AIM OF THE EXERCISE: Transcribe all of the data exactly. Images stay out.

Items from a data source:

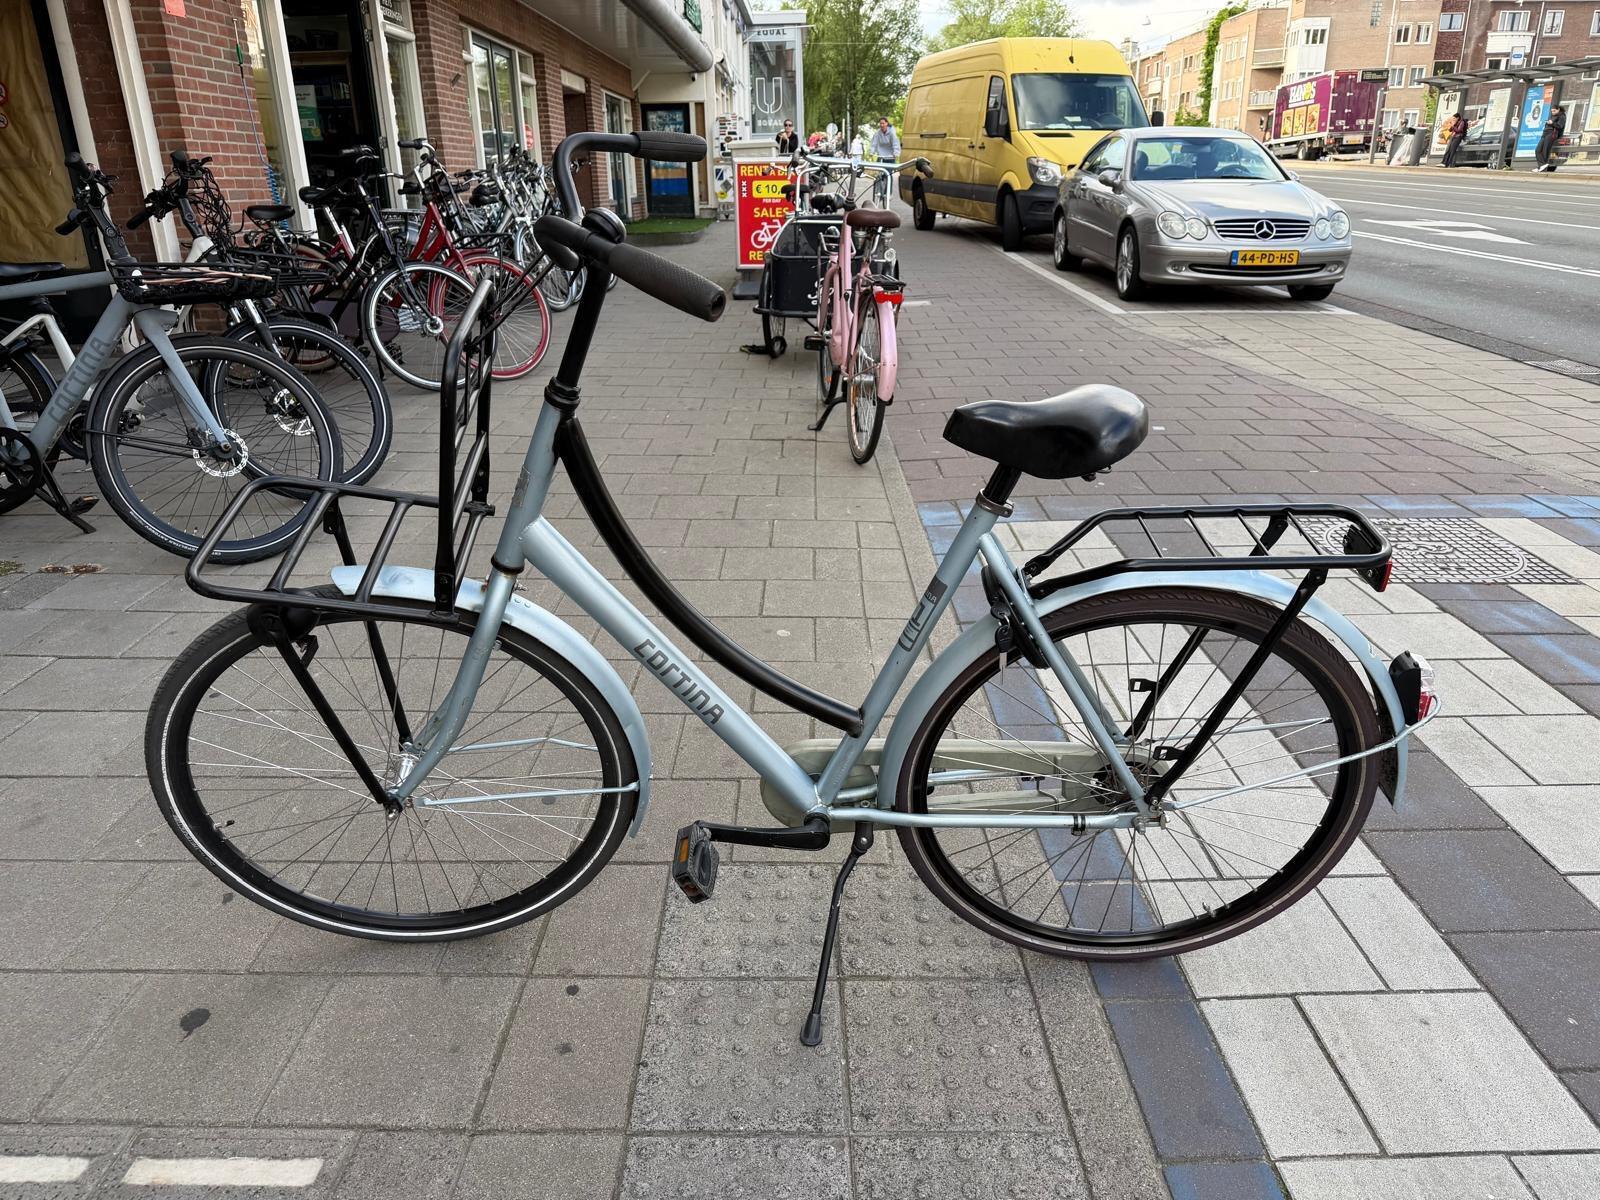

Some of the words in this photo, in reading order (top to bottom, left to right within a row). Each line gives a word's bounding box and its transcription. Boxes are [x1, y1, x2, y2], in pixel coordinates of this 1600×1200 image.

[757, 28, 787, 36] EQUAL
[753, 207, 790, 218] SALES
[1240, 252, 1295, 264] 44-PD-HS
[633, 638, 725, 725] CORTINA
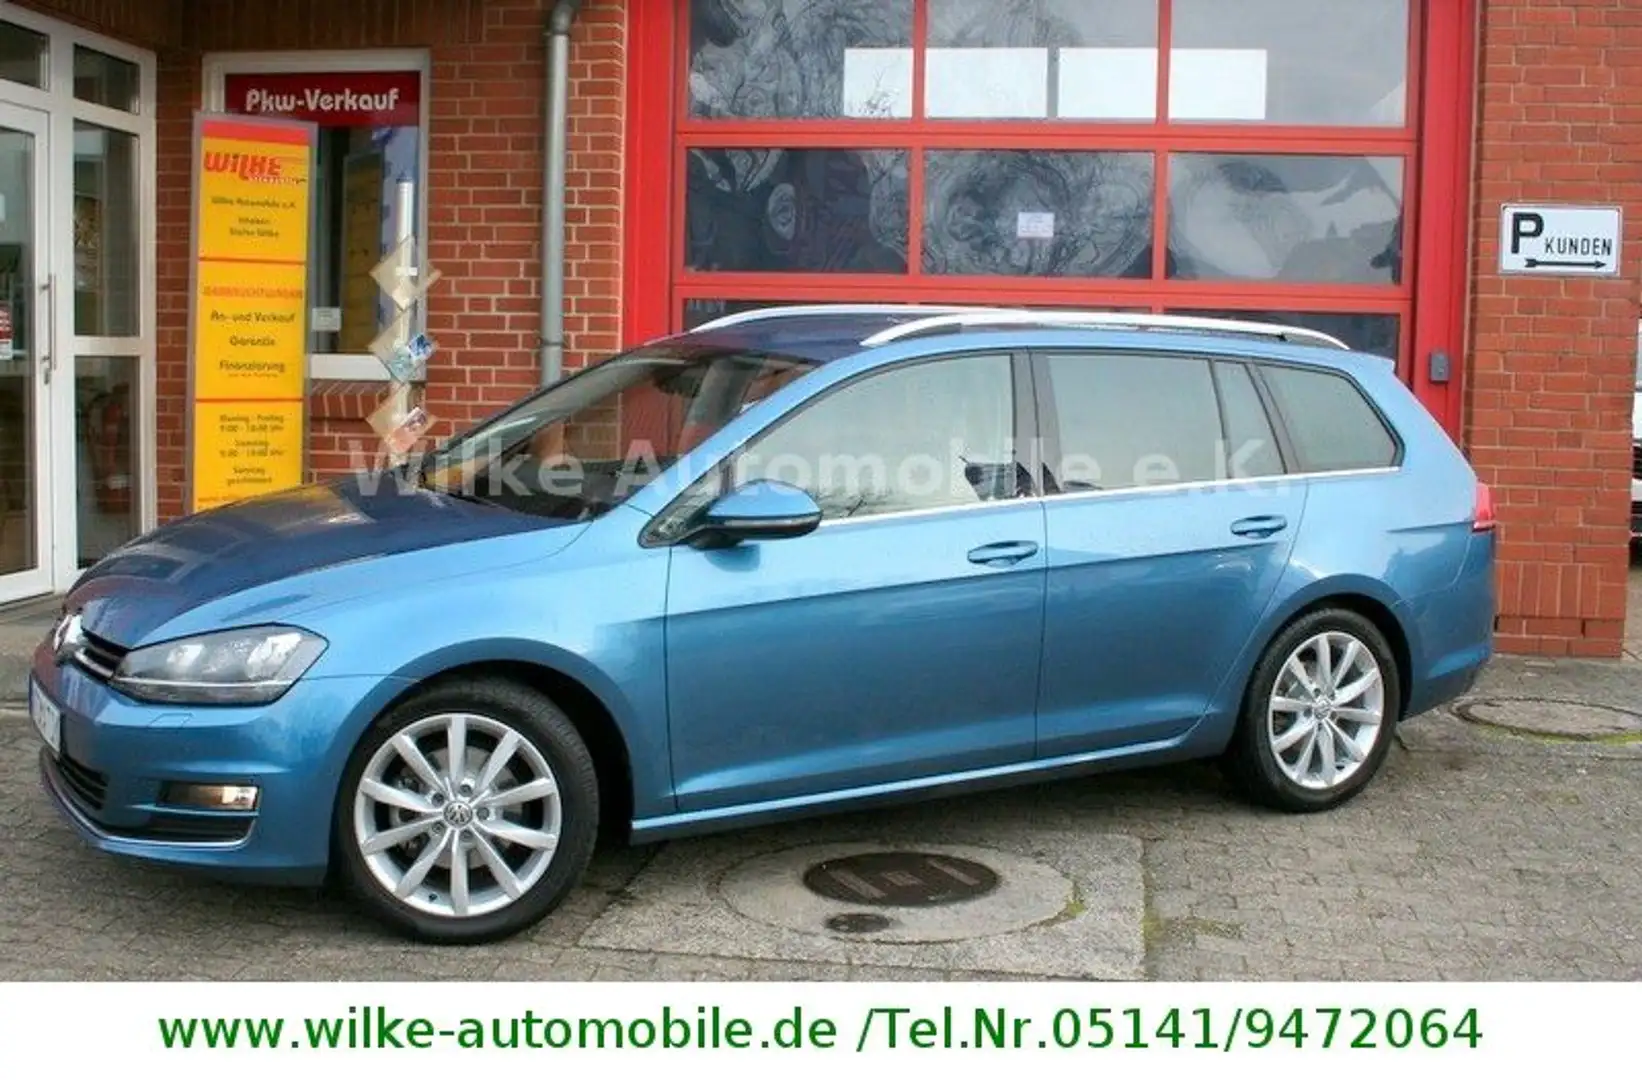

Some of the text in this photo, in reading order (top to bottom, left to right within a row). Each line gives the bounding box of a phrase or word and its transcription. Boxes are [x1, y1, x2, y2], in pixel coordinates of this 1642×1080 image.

YOUR RESPONSE:
Some of the words in this photo, in reading order (top to bottom, left to right within a row). Each line gives a word's bounding box and its transcription. Boxes are [x1, y1, x2, y2], in pixel coordinates of this 1600×1200 image.

[757, 28, 787, 36] EQUAL
[753, 207, 790, 218] SALES
[1240, 252, 1295, 264] 44-PD-HS
[633, 638, 725, 725] CORTINA

Some of the text in this photo, in reading order (top to bottom, left to right within a row). Each line gives the bounding box of a phrase or word and its transcription. Boxes are [x1, y1, x2, y2], in pixel coordinates of this 1642×1080 image.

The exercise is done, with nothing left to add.